What is a container registry, and how does Docker Hub fit in?
Quick Answer
A container registry is a service for storing, versioning, and distributing container images — you push images to it and pull them from it, the same way a package registry (npm, PyPI) works for language libraries. Docker Hub is the default, most widely used public registry, hosting both official/verified images (like node, postgres, nginx) and user/organization-published images; private registries (self-hosted, or cloud-provider-managed like ECR/GCR/ACR) exist for images an organization doesn't want publicly accessible.
Detailed Answer
What a registry actually does
A registry is a storage and distribution service specifically for container images — organized by repository (a named collection of related images, usually one application) and tag (a specific version within that repository — see the tags-vs-digests question). Pushing uploads a locally-built image to the registry. Pulling downloads an image from the registry to a local machine — this also happens automatically whenever a container is started from an image that isn't already present locally (see the fundamentals topic's hello-world walkthrough).
docker pull nginx:1.25
docker tag myapp:1.0 myusername/myapp:1.0
docker push myusername/myapp:1.0
Docker Hub — the default public registry
Unless configured otherwise, docker pull/docker push (and an unqualified FROM in a Dockerfile) default to Docker Hub. It hosts several categories of images:
- Official images (
node,postgres,nginx,python, and similar) — curated, actively maintained images for popular software, vetted by Docker and typically the recommended starting point as a base image. - Verified Publisher images — published directly by the software vendor themselves (e.g., a database company publishing their own official image), carrying an extra trust signal beyond a purely community-contributed image.

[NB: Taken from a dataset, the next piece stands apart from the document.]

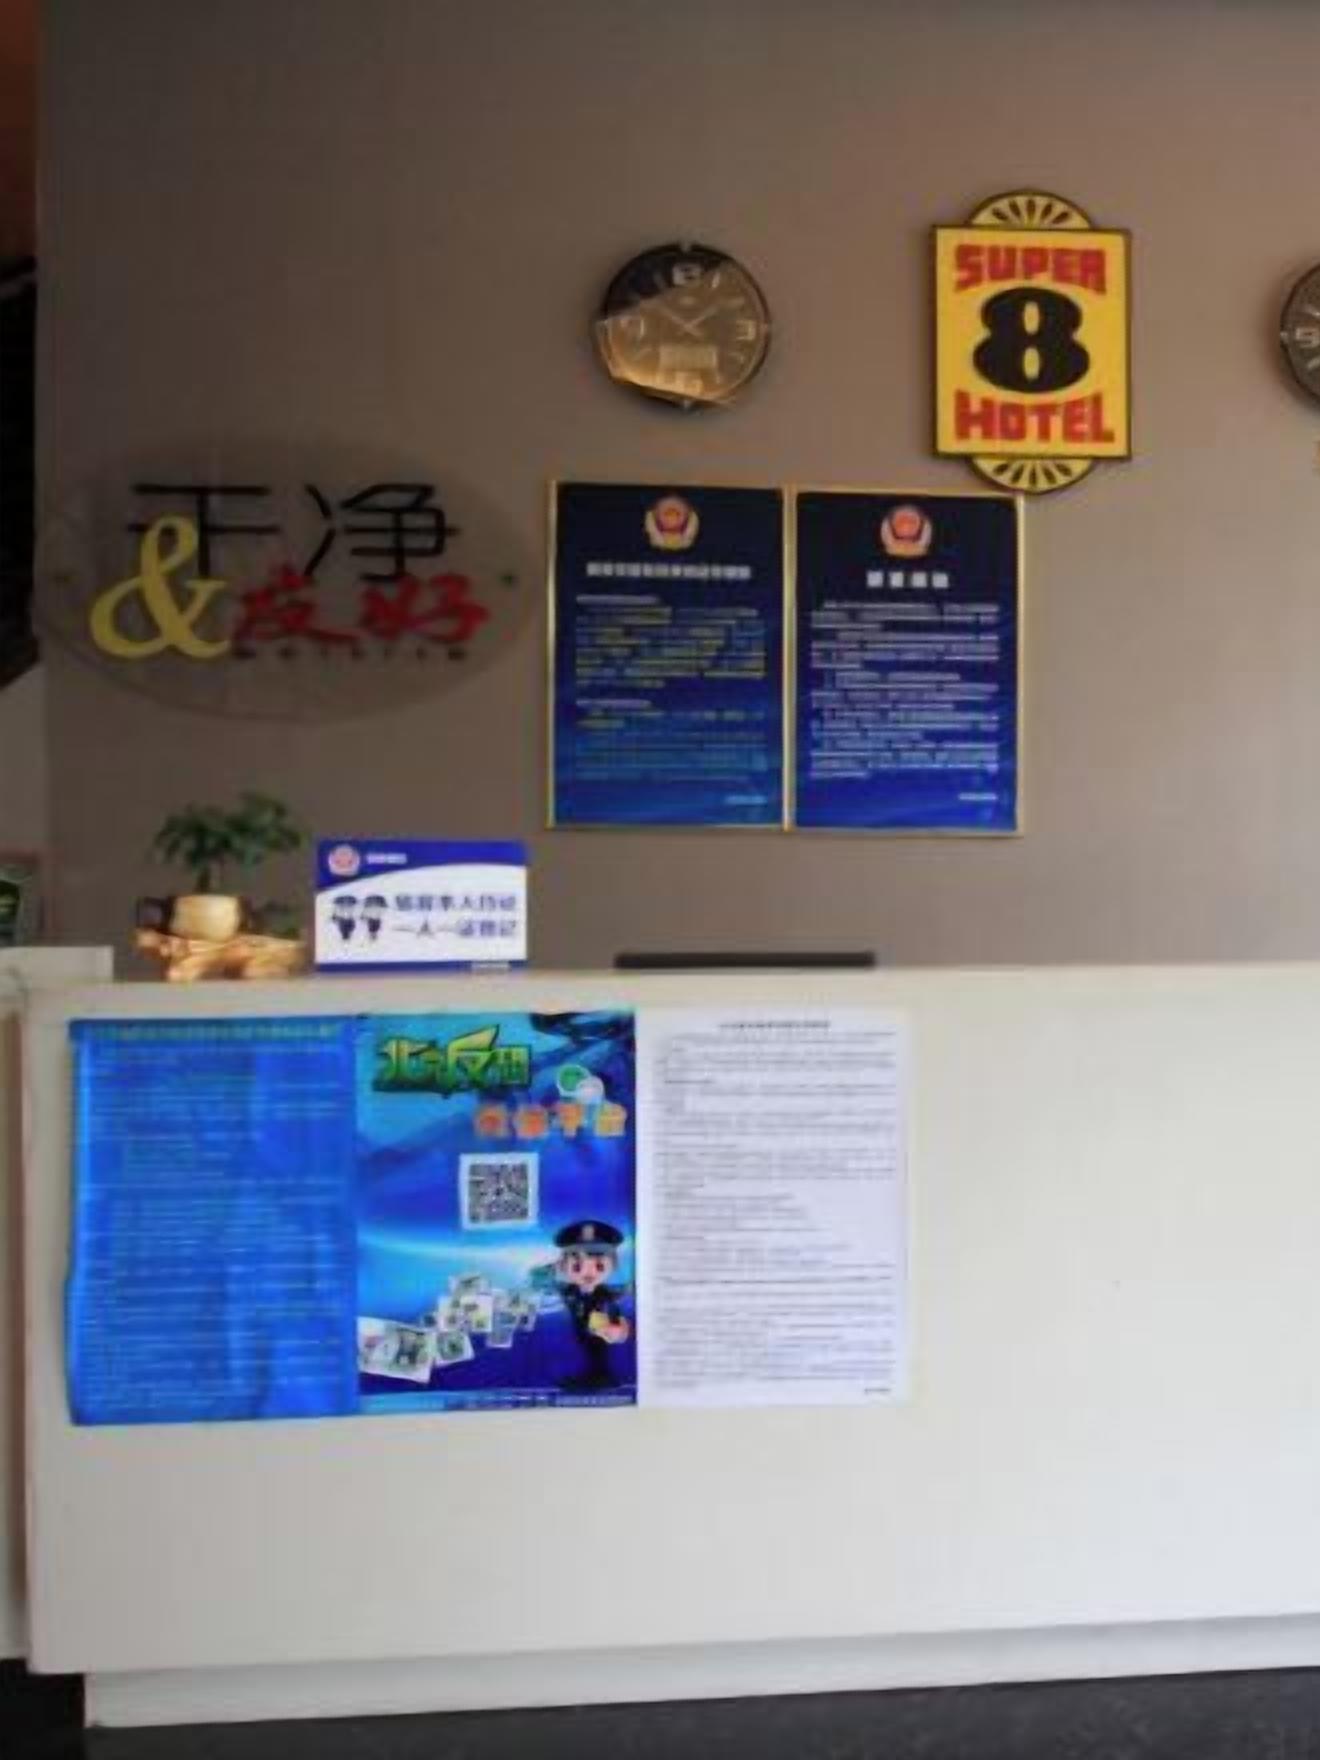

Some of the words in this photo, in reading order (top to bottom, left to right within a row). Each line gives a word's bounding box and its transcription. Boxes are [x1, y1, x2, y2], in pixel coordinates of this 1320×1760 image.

- Community/user images — published by anyone with a Docker Hub account, with no particular vetting — worth treating with the same caution you'd apply to installing an unfamiliar package from a public code registry with no reputation signal.
Why unqualified image names default to Docker Hub
FROM node:20 # implicitly: docker.io/library/node:20 (Docker Hub, official image)
FROM myorg/myapp:1.0 # implicitly: docker.io/myorg/myapp:1.0 (Docker Hub, user/org namespace)
An image reference with no registry hostname prefix is resolved against Docker Hub by default. This is purely a configured default in the Docker daemon, not a hardcoded requirement. Referencing a different registry explicitly just requires including its hostname in the image reference (see the private-registry question).
Rate limiting — a real, practical Docker Hub consideration
Docker Hub imposes pull rate limits for anonymous and free-tier authenticated accounts — a detail that occasionally surfaces as mysterious ImagePullBackOff-style failures (see the Kubernetes stack's equivalent question) in CI pipelines or clusters making many pulls from many nodes in a short window. Authenticating with a Docker Hub account (even a free one) raises these limits substantially over anonymous, unauthenticated pulls, and is a common, simple mitigation for pipelines hitting this limit.
Why organizations often move to a private or alternative registry
Public registries are the right default for genuinely public, open-source images. But proprietary application images generally shouldn't be pushed to a public registry at all. This is both for confidentiality — source or build details potentially inferable from image layers — and to avoid depending on a third-party public service's availability or rate limits for critical internal deployments. This is exactly the motivation covered in the private-registry question.